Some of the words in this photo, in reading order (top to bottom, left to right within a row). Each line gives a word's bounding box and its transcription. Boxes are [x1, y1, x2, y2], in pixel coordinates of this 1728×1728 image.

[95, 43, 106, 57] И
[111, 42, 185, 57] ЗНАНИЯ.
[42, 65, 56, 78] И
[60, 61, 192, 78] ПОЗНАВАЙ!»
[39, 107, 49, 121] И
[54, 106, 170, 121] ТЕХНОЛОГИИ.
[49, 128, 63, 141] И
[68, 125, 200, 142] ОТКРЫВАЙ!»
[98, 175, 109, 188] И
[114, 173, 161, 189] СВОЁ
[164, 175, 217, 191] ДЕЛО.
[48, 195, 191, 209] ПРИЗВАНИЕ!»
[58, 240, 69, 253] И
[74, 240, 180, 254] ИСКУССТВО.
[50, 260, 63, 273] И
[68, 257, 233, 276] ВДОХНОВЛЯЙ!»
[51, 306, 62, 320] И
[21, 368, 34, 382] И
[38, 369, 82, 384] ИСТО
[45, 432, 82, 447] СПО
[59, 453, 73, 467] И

---------------

Task item.
Line by line, copy the data above.

Exercise result.
Some of the words in this photo, in reading order (top to bottom, left to right within a row). Each line gives a word's bounding box and its transcription. Boxes are [x1, y1, x2, y2], in pixel coordinates of this 1728×1728 image.

[95, 43, 106, 57] И
[111, 42, 185, 57] ЗНАНИЯ.
[42, 65, 56, 78] И
[60, 61, 192, 78] ПОЗНАВАЙ!»
[39, 107, 49, 121] И
[54, 106, 170, 121] ТЕХНОЛОГИИ.
[49, 128, 63, 141] И
[68, 125, 200, 142] ОТКРЫВАЙ!»
[98, 175, 109, 188] И
[114, 173, 161, 189] СВОЁ
[164, 175, 217, 191] ДЕЛО.
[48, 195, 191, 209] ПРИЗВАНИЕ!»
[58, 240, 69, 253] И
[74, 240, 180, 254] ИСКУССТВО.
[50, 260, 63, 273] И
[68, 257, 233, 276] ВДОХНОВЛЯЙ!»
[51, 306, 62, 320] И
[21, 368, 34, 382] И
[38, 369, 82, 384] ИСТО
[45, 432, 82, 447] СПО
[59, 453, 73, 467] И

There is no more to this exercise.